Rostov éclata de rire si fort et si gaiement que Denissov, dans sa chambre, en devint jaloux. Natacha, ne pouvant se contenir, riait avec son frère.

— Hein, c’est beau ! disait-elle.

— Bon, mais alors, tu ne veux plus épouser Boris ?

Natacha rougit.

— Je ne veux épouser personne, je le lui dirai quand je le verrai.

— Vraiment !

— Mais tout cela ne signifie rien, bavardait encore Natacha. — Et Denissov, est-il bon ? demanda-t-elle.

— Oui.

— Eh bien, adieu, habille-toi. Il n’est pas effrayant ton Denissov ?

— Pourquoi ? demanda Nicolas. Non, Vaska est très bon ?

— Tu l’appelles Vaska, c’est drôle. Alors, il est vraiment très bon ?

— Oui, très bon.

— Eh bien ! dépêche-toi de venir prendre du thé, nous le prendrons tous ensemble.

Natacha se leva sur les pointes et sortit de la chambre comme le font les danseuses, mais en souriant comme sourient seulement les heureuses fillettes de quinze ans.

En se rencontrant avec Sonia au salon, Rostov rougit. Il ne savait comment se tenir avec elle. Hier ils s’étaient embrassés au premier moment, dans la joie du revoir, mais aujourd’hui, il sentait qu’il ne pouvait faire cela. Il sentait que tous, sa mère et ses sœurs, le regardaient d’un air interrogateur et se demandaient comment il allait être envers elle. Il lui baisa la main et lui dit : Vous, Sonia mais leurs yeux en se rencontrant dirent toi et s’embrassèrent tendrement. Le regard de Sonia lui demandait pardon de lui avoir rappelé sa promesse par l’intermédiaire de Natacha et elle le remerciait pour son amour. Lui, par son regard, la remerciait de l’offre de la liberté, et disait que de telle ou telle façon, il ne cesserait jamais de l’aimer, que c’était impossible.
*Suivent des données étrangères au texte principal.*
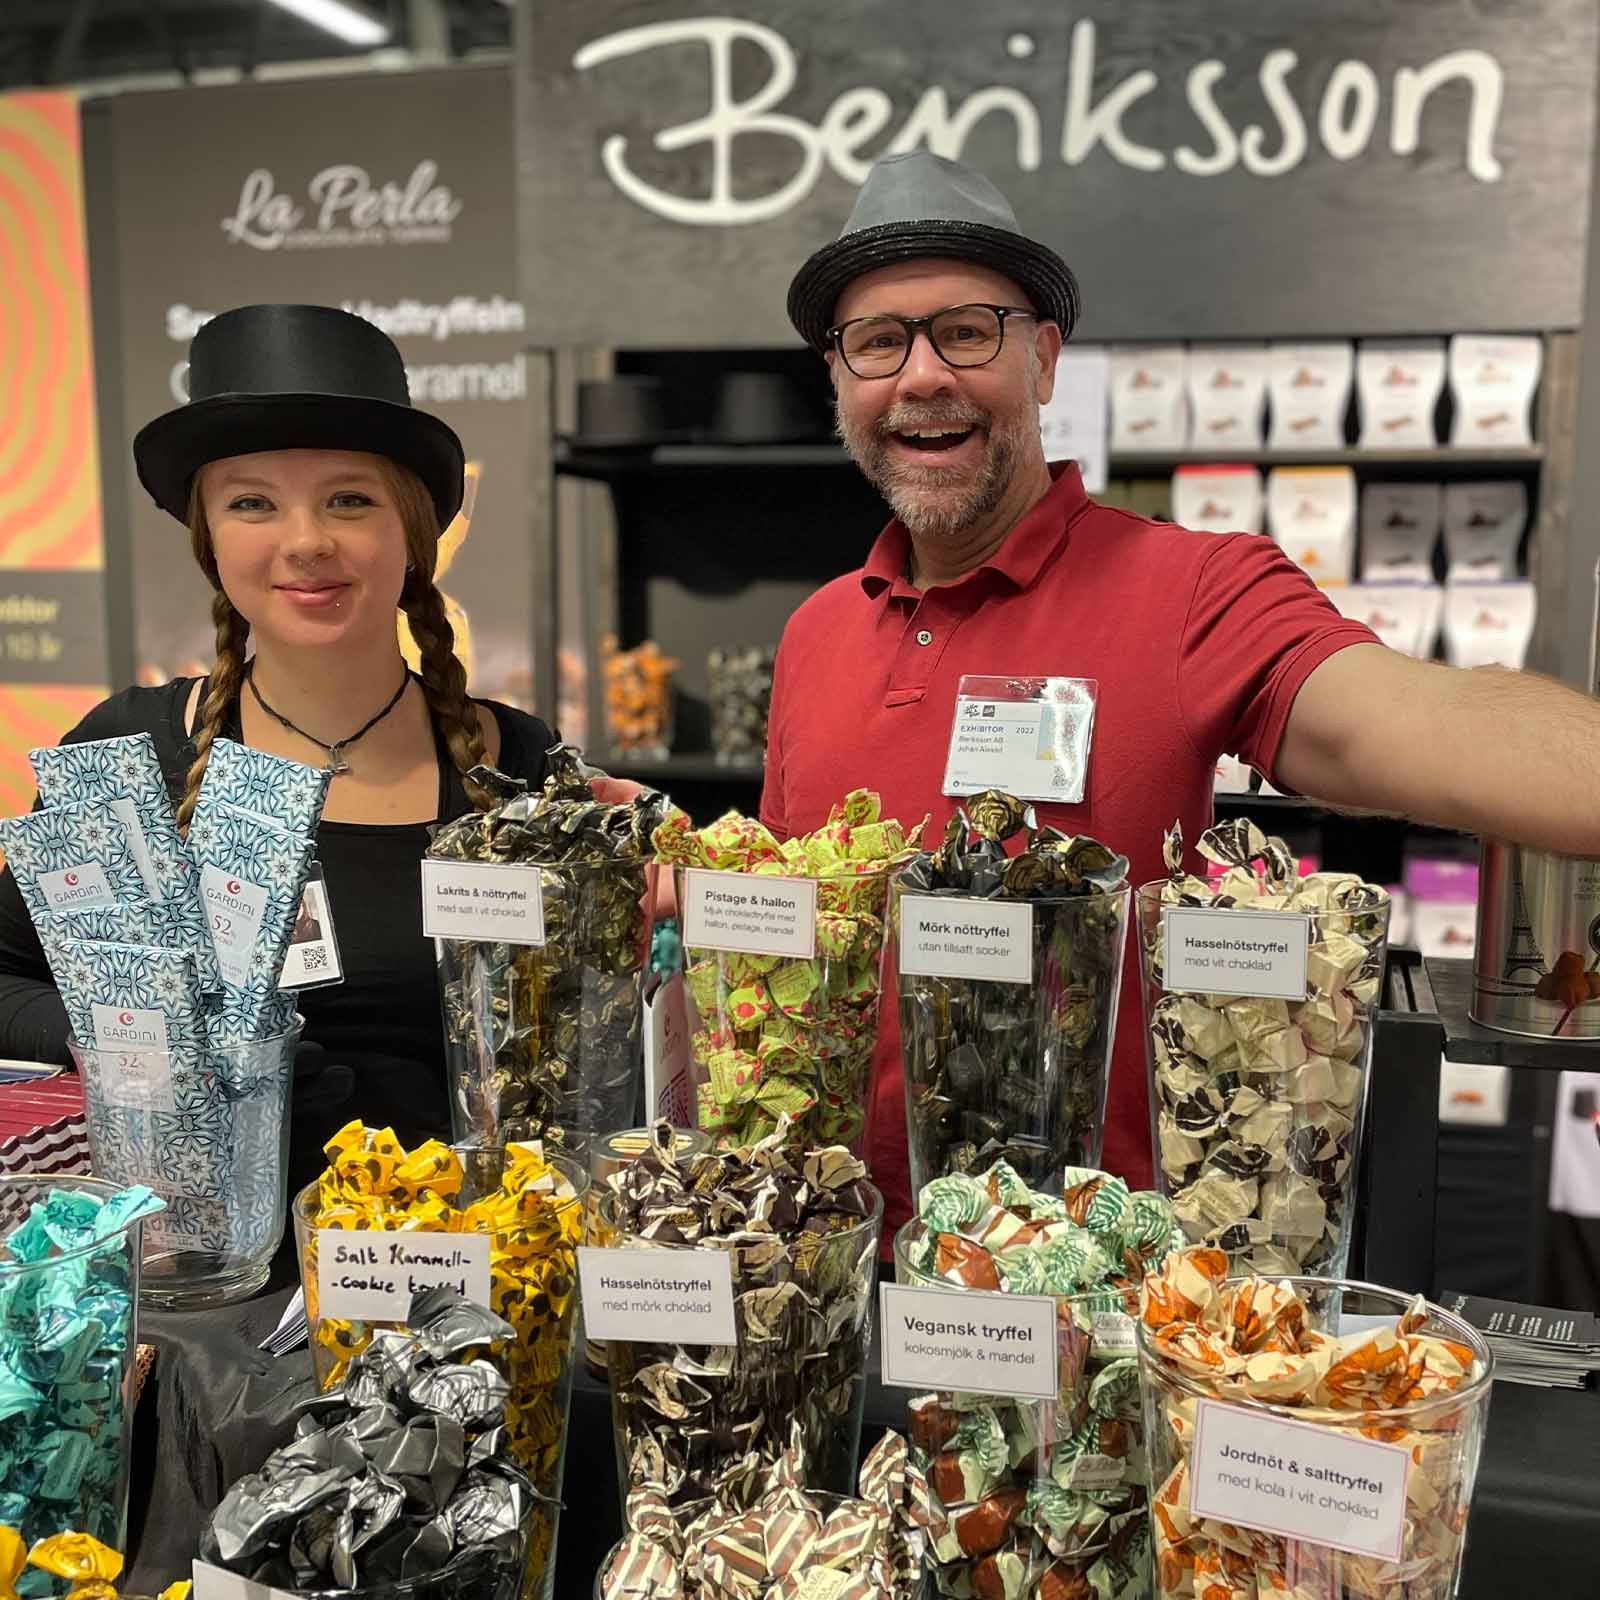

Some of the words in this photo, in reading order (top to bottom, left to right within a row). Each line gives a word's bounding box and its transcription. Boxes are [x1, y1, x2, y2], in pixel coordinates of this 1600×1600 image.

[220, 168, 304, 250] La
[308, 158, 463, 234] Perla
[960, 725, 1004, 733] EXHIBITOR
[53, 884, 102, 903] GARDINI
[437, 884, 470, 897] Lakrits
[473, 887, 480, 897] &
[482, 888, 527, 901] nöttryffel
[705, 891, 747, 906] Pistage
[750, 895, 758, 905] &
[761, 897, 796, 909] hallon
[206, 887, 256, 916] GARDINI
[436, 904, 456, 913] med
[491, 908, 526, 918] choklad
[777, 914, 796, 922] med
[920, 921, 951, 934] Mörk
[954, 924, 1010, 939] nöttryffel
[918, 943, 941, 952] utan
[944, 943, 973, 954] tillsatt
[975, 946, 1011, 957] socker
[1185, 937, 1288, 954] Hasselnötstryffel
[1184, 957, 1209, 967] med
[1212, 958, 1225, 968] vit
[1228, 959, 1272, 971] choklad
[103, 1026, 157, 1041] GARDINI
[335, 1245, 378, 1264] Salt
[600, 1277, 712, 1293] Hasselnötstryffel
[602, 1300, 628, 1311] med
[631, 1301, 662, 1312] mörk
[665, 1301, 711, 1313] choklad
[904, 1316, 977, 1336] Vegansk
[982, 1324, 1032, 1342] tryffel
[904, 1340, 973, 1360] kokosmjölk
[977, 1349, 986, 1360] &
[988, 1350, 1035, 1364] mandel
[1219, 1444, 1283, 1471] Jordnöt
[1287, 1461, 1299, 1474] &
[1304, 1464, 1383, 1494] salttryffel
[1217, 1471, 1250, 1489] med
[1254, 1476, 1285, 1497] kola
[1298, 1491, 1314, 1505] vit
[1318, 1494, 1379, 1520] choklad
— Comme c’est étrange pourtant que Sonia et Nicolas se disent vous comme des étrangers dit Véra, en profitant d’un moment de silence. L’observation de Véra était juste comme toutes ses observations, mais, effet qu’elles produisaient toujours, tous se sentirent gênés, non seulement Sonia, Nicolas et Natacha, mais même la vieille comtesse, qui avait peur de l’amour de son fils pour Sonia, lequel pouvait le priver d’un brillant parti ; elle rougit comme une fillette. Denissov, à l’étonnement de Rostov, entra au salon en uniforme neuf, pommadé et parfumé, aussi élégant qu’il l’était à la bataille ; il fut si aimable avec les dames et les messieurs, que Rostov en fut tout surpris.